La radio era preferentemente el medio para recrear aquel tiempo muerto unifamiliar. Un vecino escuchaba música, otro las noticias, otro un debate de opiniones, alguno leía el periódico con los ojos desparramados entre una página y el trasero del vehículo precedente para no golpearlo -algo que bien es cierto sucedía a menudo. Había también vecinos que no estaban solos ni se dirigían al trabajo. Eran por lo general personas que trasladaban a sus hijos al colegio. Pero lo que más llamaba la atención eran las vecinas que seguían aún en el cuarto de baño. Aprovechaban la ocasión para acicalarse con la ayuda del espejito retrovisor.

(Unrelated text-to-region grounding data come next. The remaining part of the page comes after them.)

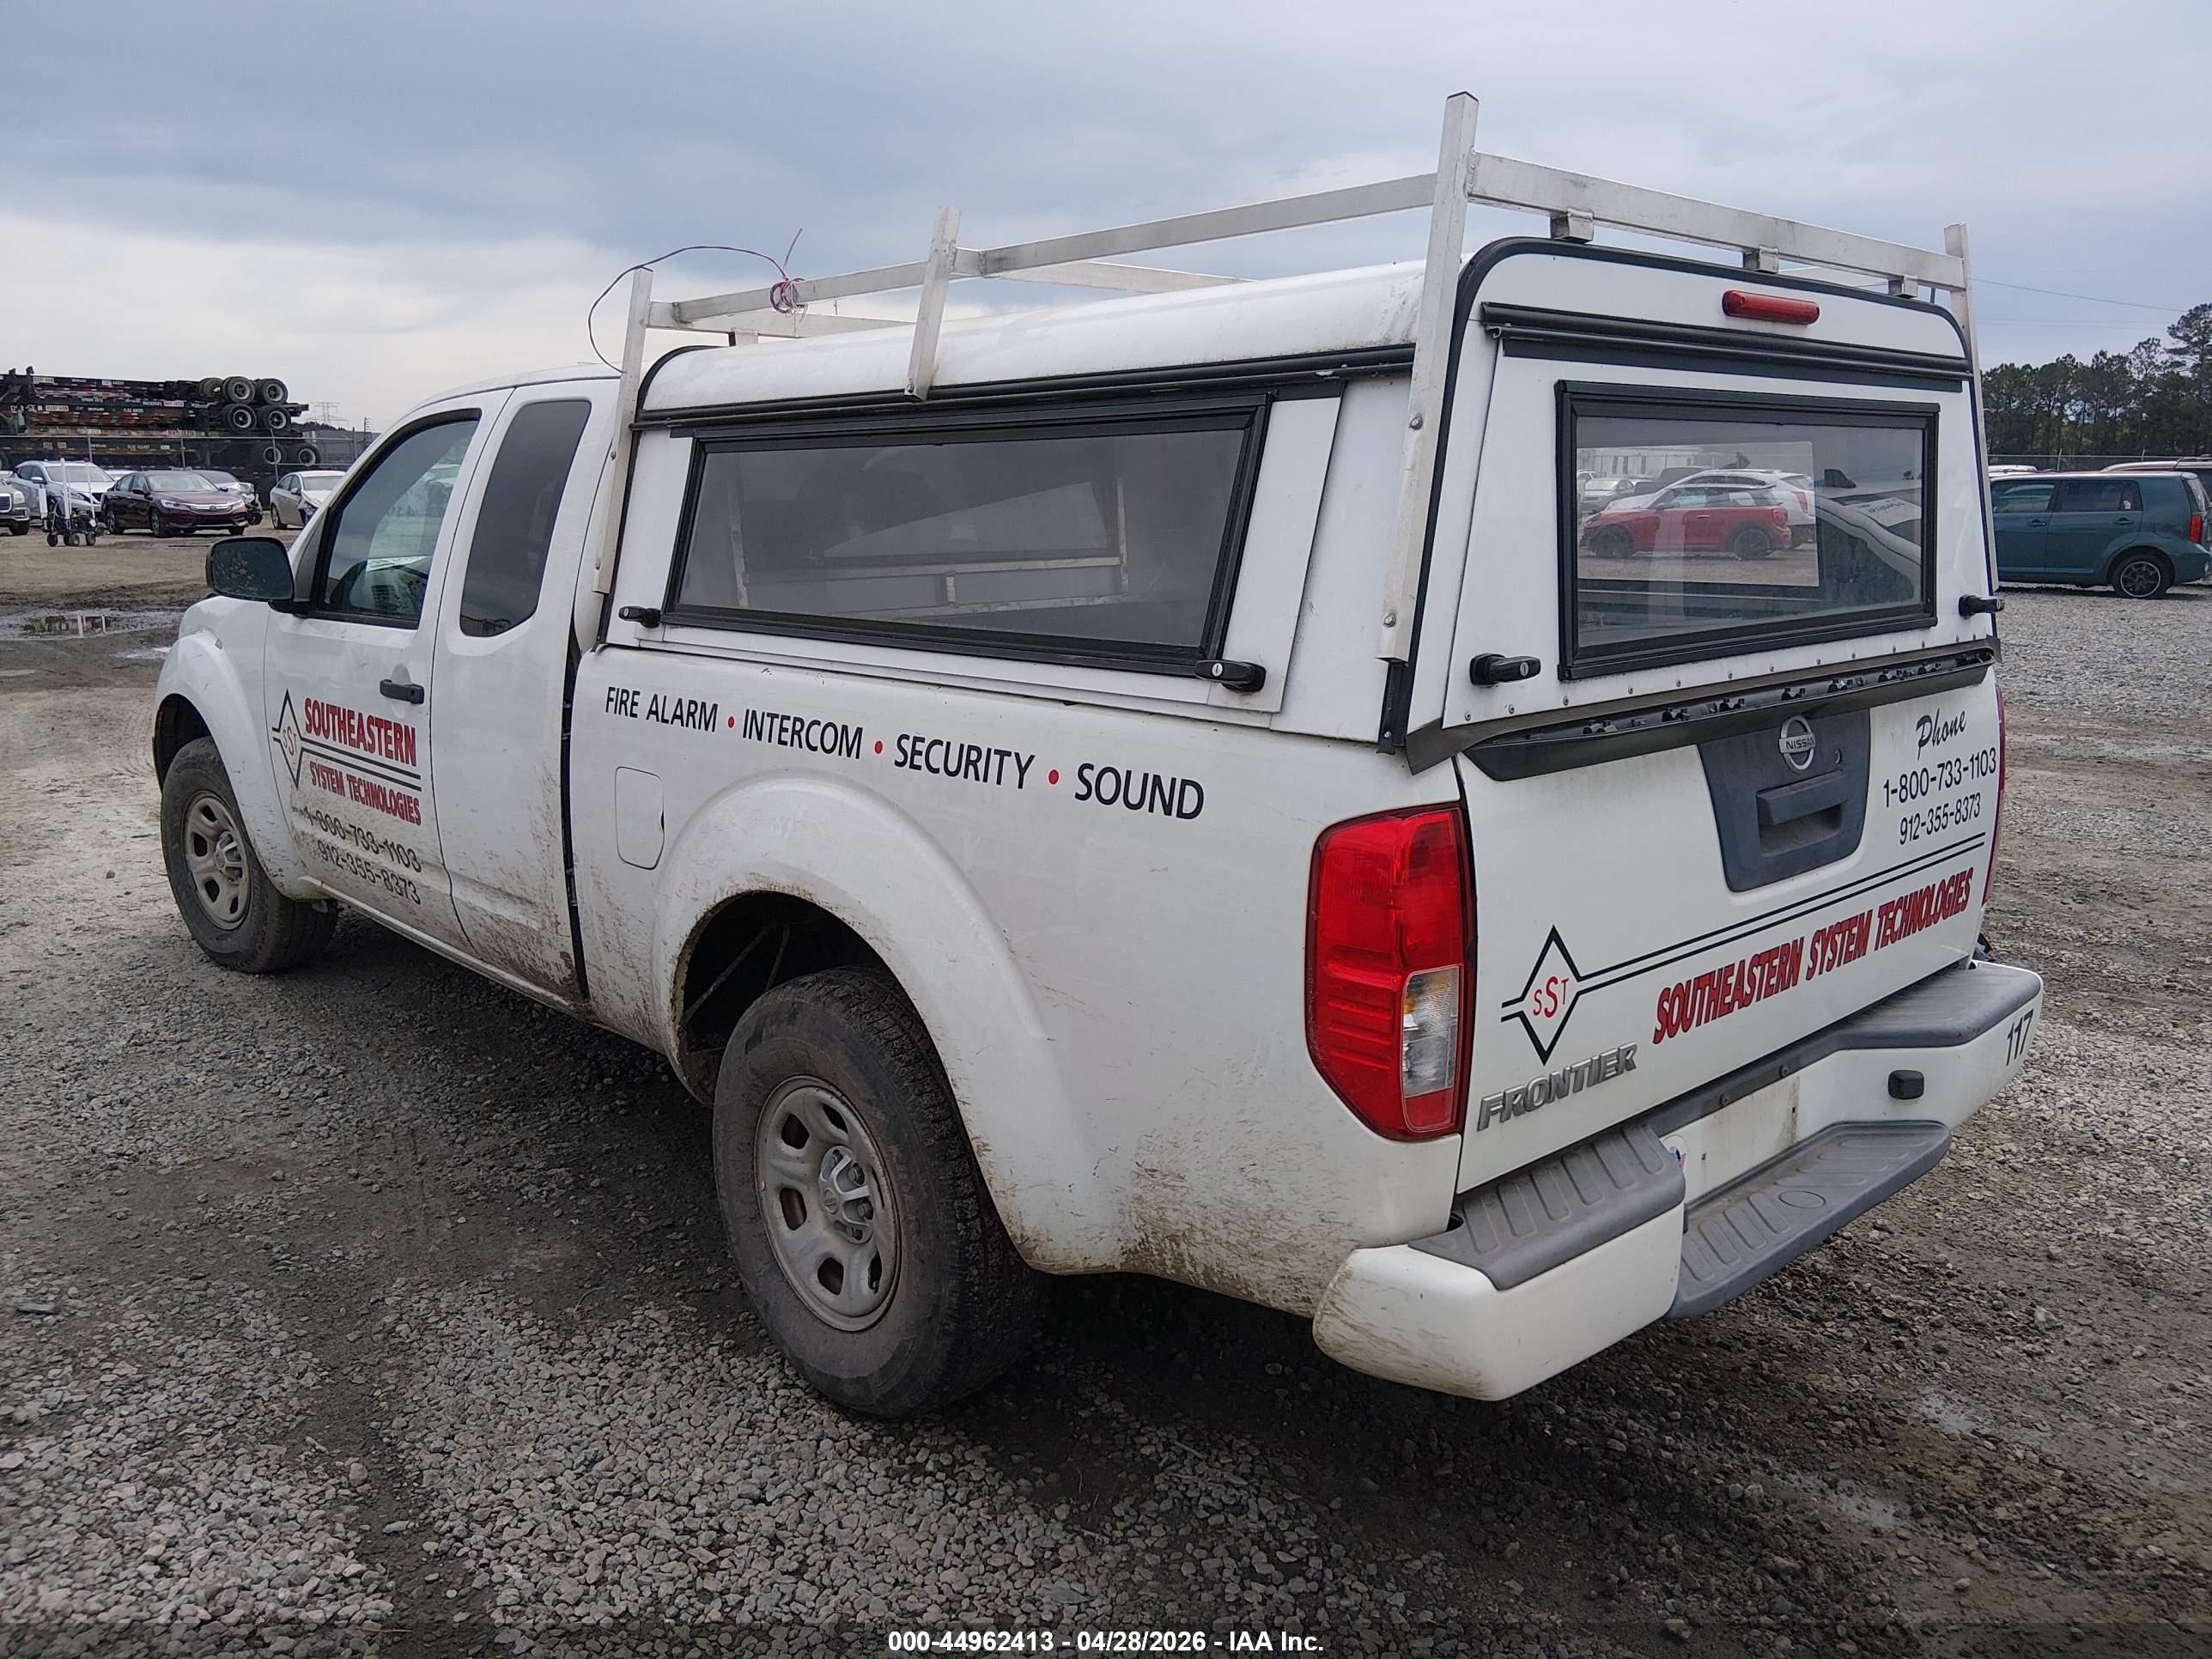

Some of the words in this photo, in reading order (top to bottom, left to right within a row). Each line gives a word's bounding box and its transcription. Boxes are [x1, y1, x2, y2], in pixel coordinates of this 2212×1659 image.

[304, 697, 417, 767] SOUTHEASTERN
[605, 686, 641, 719] FIRE
[646, 693, 718, 732] ALARM
[742, 708, 864, 760] INTERCOM
[894, 733, 1036, 790] SECURITY
[1074, 762, 1205, 820] SOUND
[1785, 736, 1814, 750] NISSAN
[1916, 708, 1966, 761] Phone
[309, 760, 345, 797] SYSTEM
[346, 774, 422, 826] TECHNOLOGIES
[1883, 746, 1996, 808] 1-800-733-1103
[303, 805, 422, 873] 1-800-733-1103
[1899, 792, 1981, 846] 912-355-8373
[317, 839, 422, 905] 912-355-8373
[1652, 936, 1804, 1045] SOUTHEASTERN
[1805, 908, 1873, 981] SYSTEM
[1874, 867, 1974, 951] TECHNOLOGIES
[1532, 975, 1570, 1018] SST
[2005, 1008, 2034, 1067] 117
[1477, 1042, 1638, 1133] FRONTIER

Una de ellas me llamó cierta vez la atención. No por estar todavía adormecida, desaliñada, macilenta, despeinada, etc. Ir contra reloj era además el pan nuestro de cada día. Me llamó la atención su rostro... ¿Cómo expresarlo?... Lo diré claramente, sin pelos en la pluma, esperando que me perdonen aquellos que están en contra de tanta rotundidad: Era una mujer muy fea.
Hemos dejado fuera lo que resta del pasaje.